There's a very good video tape on the light system that is sold by CBS. Here's the link:
http://www.cbspigeon.com/supplies/videos/

I'll tell you when you need to turn off the lights and cut and pull the 10th flight later.

Some others should be along to give you their opinions, too.

Bruce


----------



## re lee (Jan 4, 2003)

I would still say that It would be so much better to just start the young bird season .At a later time. The birds would be in better natural form and less would be lost . Less would need to be raised. And better wins would be the benifit. The light system may help with a edge. But over all several people will not use it. Shows have changed over the years to later dates. This helps as the young birds are through the moult and can be shown . With better chances of placing. I know most clubs will not make changes. But its a thought that would work well. A simple single 100, 200, and 300. hundred mile race or a 1,2 2, then 3. Thats a 3 to 4 week race season. And can still have A and B races. I know I went off subject. But its a thought that sticks with me.


----------



## birdy (Mar 18, 2004)

OK Robert. Better natural form, less losses... what's this? Do you have evidence that this is so? Better wins? My birds went thru an early molt and look pretty nice for it. To my thinking they're as well feathered as any that molted naturally. Most in my club and combine do not use the light/dark system and their losses aren't any less than mine.

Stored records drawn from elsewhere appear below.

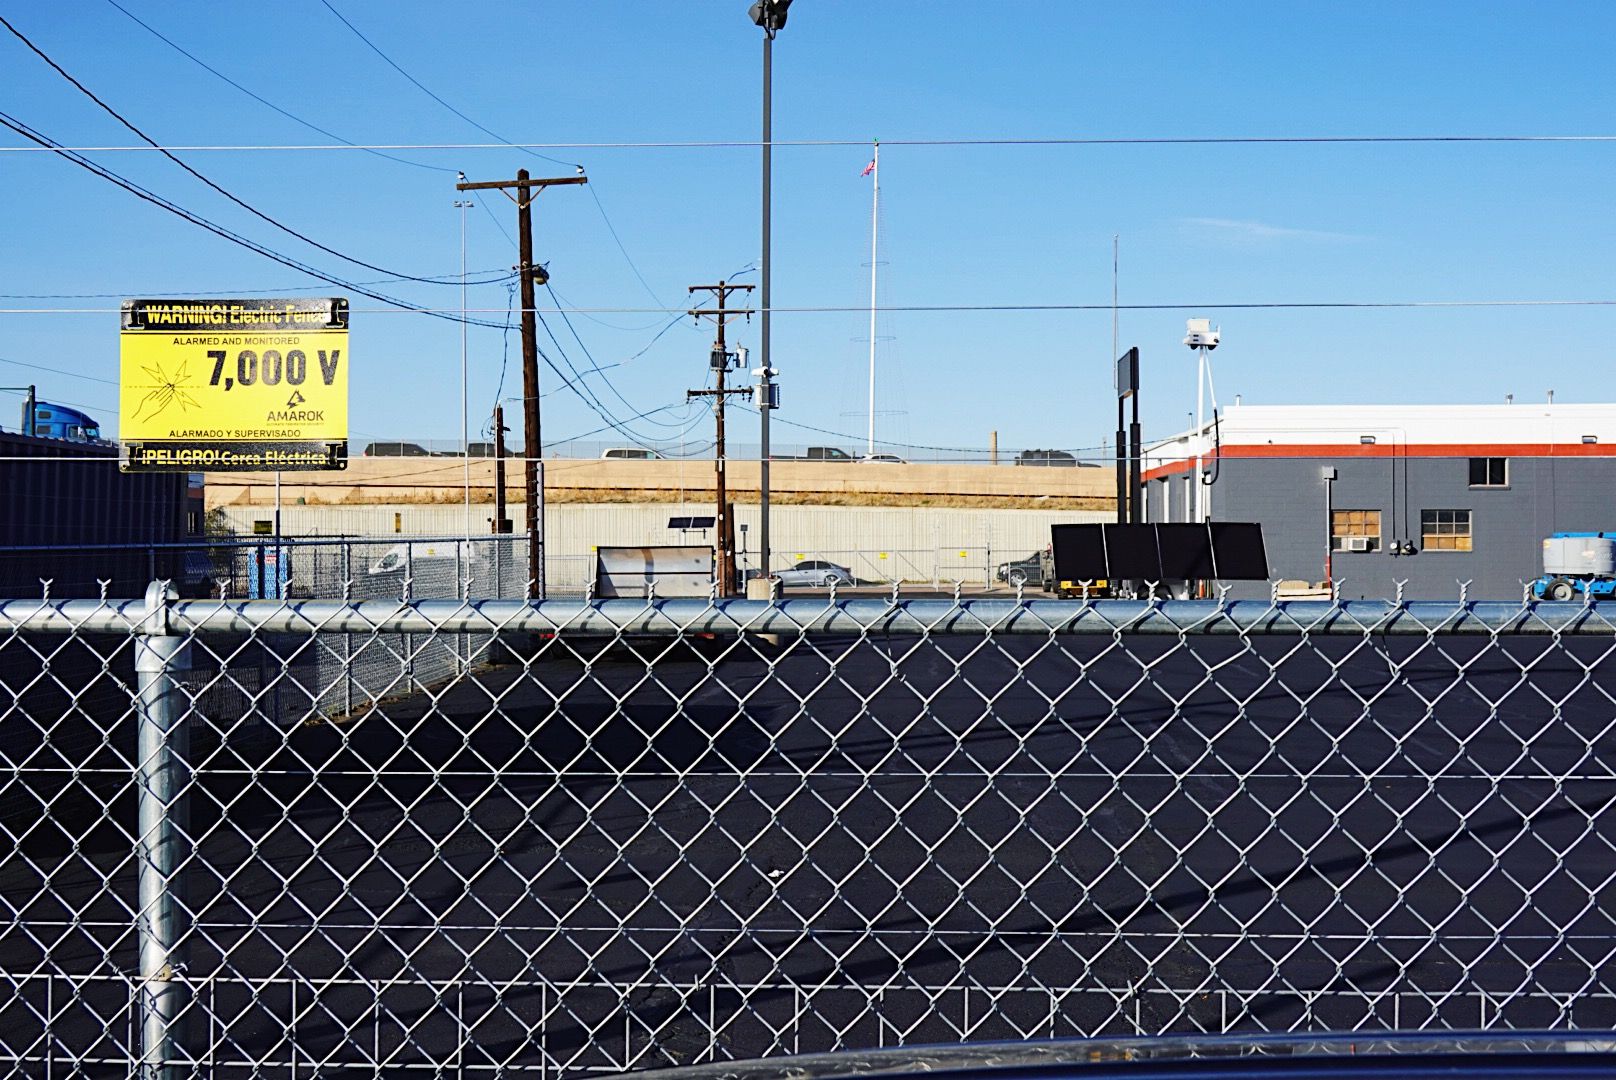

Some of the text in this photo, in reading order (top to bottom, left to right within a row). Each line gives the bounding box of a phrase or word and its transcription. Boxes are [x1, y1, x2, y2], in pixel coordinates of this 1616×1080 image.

[146, 305, 227, 324] WARNING!
[231, 306, 282, 324] Electric
[173, 337, 300, 345] ALARMED AND MONITORED
[207, 350, 340, 391] 7,000 V
[267, 410, 324, 421] AMAROK
[169, 430, 301, 438] ALARMADO Y SUPERVISADO
[142, 450, 326, 465] ¡PELIGRO! Cerca Eléctrica
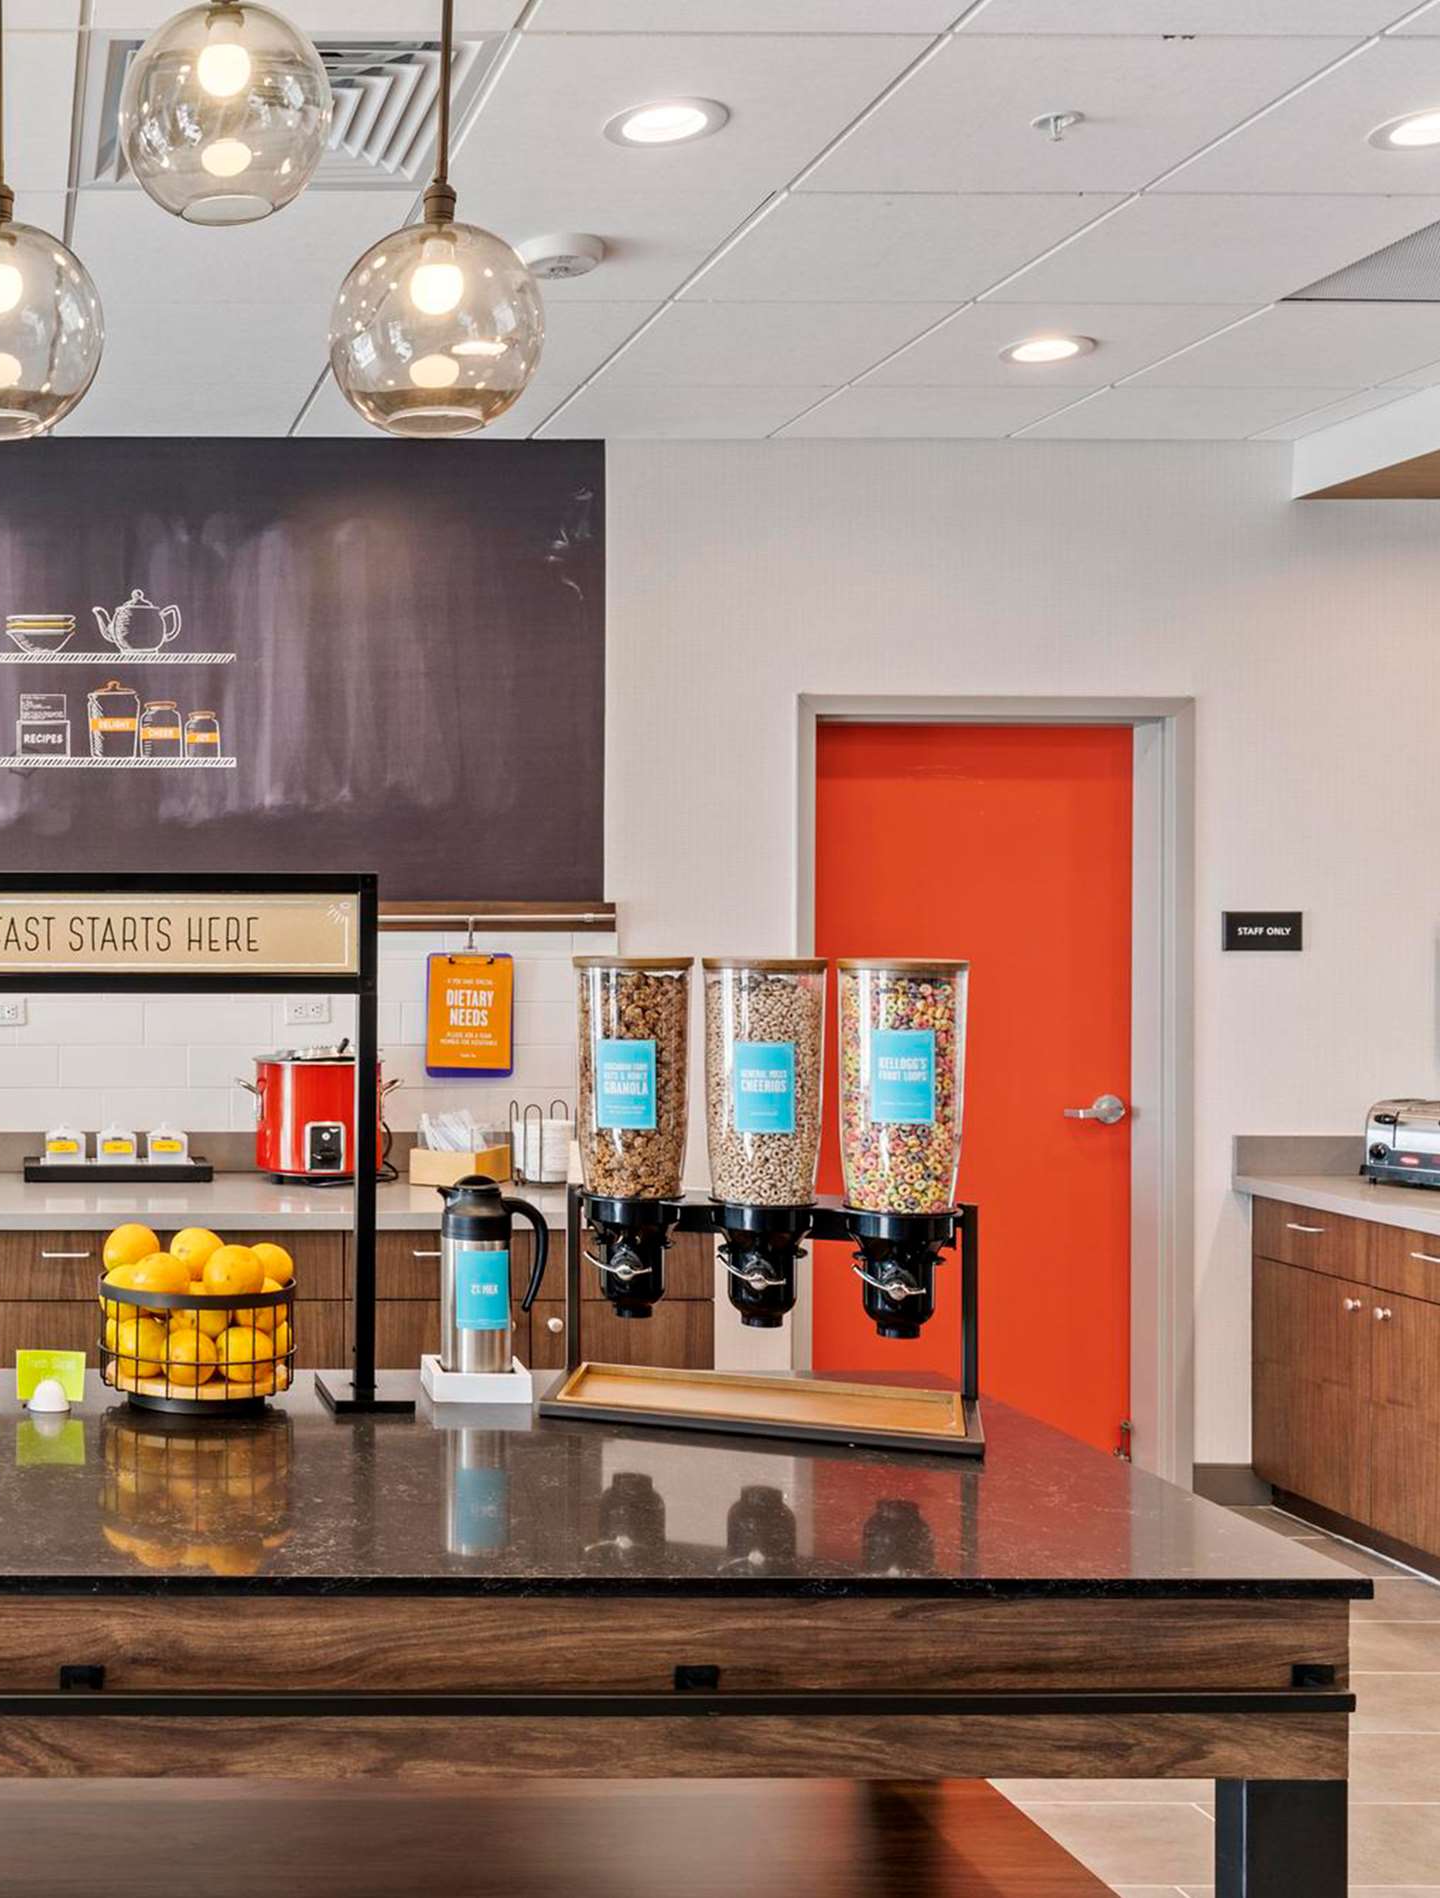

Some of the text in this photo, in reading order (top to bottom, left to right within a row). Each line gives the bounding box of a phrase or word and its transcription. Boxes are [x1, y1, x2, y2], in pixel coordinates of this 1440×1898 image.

[23, 733, 64, 744] RECIPES
[68, 916, 172, 952] STARTS
[187, 916, 260, 952] HERE
[1237, 927, 1292, 936] STAFF ONLY
[446, 989, 495, 1008] DIETARY
[450, 1008, 489, 1027] NEEDS
[879, 1056, 929, 1070] KELLOGG'S
[604, 1080, 649, 1096] GRANOLA
[741, 1079, 787, 1093] CHEERIOS

As far as later races, I doubt that will happen. We race late in Texas but I still like to get them in an early molt for trainiing. Frankly, I like more races than less. Some of us only race YBs. Having 3-4 races... why bother? Healthy YBs can race 8 - 10 races - it's just the distances that need to be monitored.

Just a friendly challenge - thanks.

Bruce


----------



## re lee (Jan 4, 2003)

Through racing later after the moult is getting complete. more birds are getting smooth in feather. So losses that are from unconditioned birds are less . Yes your birds will be smooth in feather by the light/ dark system. Less races is because waiting until the birds are in natural better feather instead of having to adapt a way to bring them into moult early Is having to wait a little longer. Better wins is because. Most the time when you run a 1, 2 , and 3. through 2 times different birds win. And really some times its with less numbers. To me its a better win say first 3 hundred race had 700 birds in it. Then the last 3 hundred had only 350 birds. Numbers and most the birds having good feather makes a good win. I am not saying onme is better then the other. But even just one great race is better then several ok races. And the young birds do not work as hard when they are still growing. They make better old bird racers and go on to make better breeders. I know most clubs will not change. But at a point I still can think this would be better all the way around. Just like some people know it is better to not over work any young bird. So they wont race at all until yearlings. I do not want to debate much on this subject. As I know my idea will never happen. But its good for the birds. And can work. Just like you posted on the light/dark system. It works. But it is a method not practiced by a lot of flyers yet. And would even help people that show birds But most shows have moved to later dates letting the birds moult better befor shows get started. Good subject though. And glad it has helped you prep. your birds better.


----------



## birdy (Mar 18, 2004)

Thanks, Robert. I'll agree not to debate you and will "agree to disagree" on many of your points. Bruce


----------



## re lee (Jan 4, 2003)

Good one Birdy. I know several People will disagree with what I said. But thats why we are different. Makes it interesting though. Like how you posted your comment


----------



## SmithFamilyLoft (Nov 22, 2004)

*Short and Sweet*



chrisvasey said:


> [/SIZE] can any one explain what the light system is and how would i put it into practice, what should the feeding be and how long should the youngsters be on the light


 Depending on the experience of the reader, sometimes less is better. 
The "Light" system advances the moult by giving your birds additional light. 
The "Darkening" system retards the moult by reducing the amount of light. With these two systems, you are fooling mother nature and the birds as to what time of the year it is. The "Natural"  system, is letting mother nature do what she does. 

There are video tapes available out there to give you all of the details. I think there are advantages and disadvantages to every system. I have used all of the above and have won races, under each system.


----------



## pigeon george (Aug 7, 2003)

*wheres my feathers*

have not used this system however while i was investigating it the extended light period does not produce an early moult but retards it so that the bird has not started to loose flight feathers before the race season yet towards the end of race season will do poorly due to the catch up effect of heavy moulting. shall i dust off my book


----------



## SmithFamilyLoft (Nov 22, 2004)

*Confuse the issue ?*



pigeon george said:


> have not used this system however while i was investigating it the extended light period does not produce an early moult but retards it so that the bird has not started to loose flight feathers before the race season yet towards the end of race season will do poorly due to the catch up effect of heavy moulting. shall i dust off my book


 The first question to ask, is if left to nature, when would a pigeon normally moult ? The strain of growing feathers, would be done when there is plenty of food. If you would be in the dead of winter, would you have more light or less ? So if you were moving from a time period of more light to less light, what would the pigeon be inclined to do ?
Then throw in the question of when the pigeon is hatched, and when your race season begins, and where you are on earth. Then adding light or subtracting light, will affect the pigeon, as to what season it is. Today is 12/14/04 my birds are thinking it is 03/14/05, so what are their bodies doing right now ?


----------



## Filimon (Oct 22, 2010)

sir is it possible not to pull or cut the 8,9,10th flight.when you are using the light system??? I am from the Philippines, and how many months i need to used this system give 17 hours of light, when i should stop thank you..


----------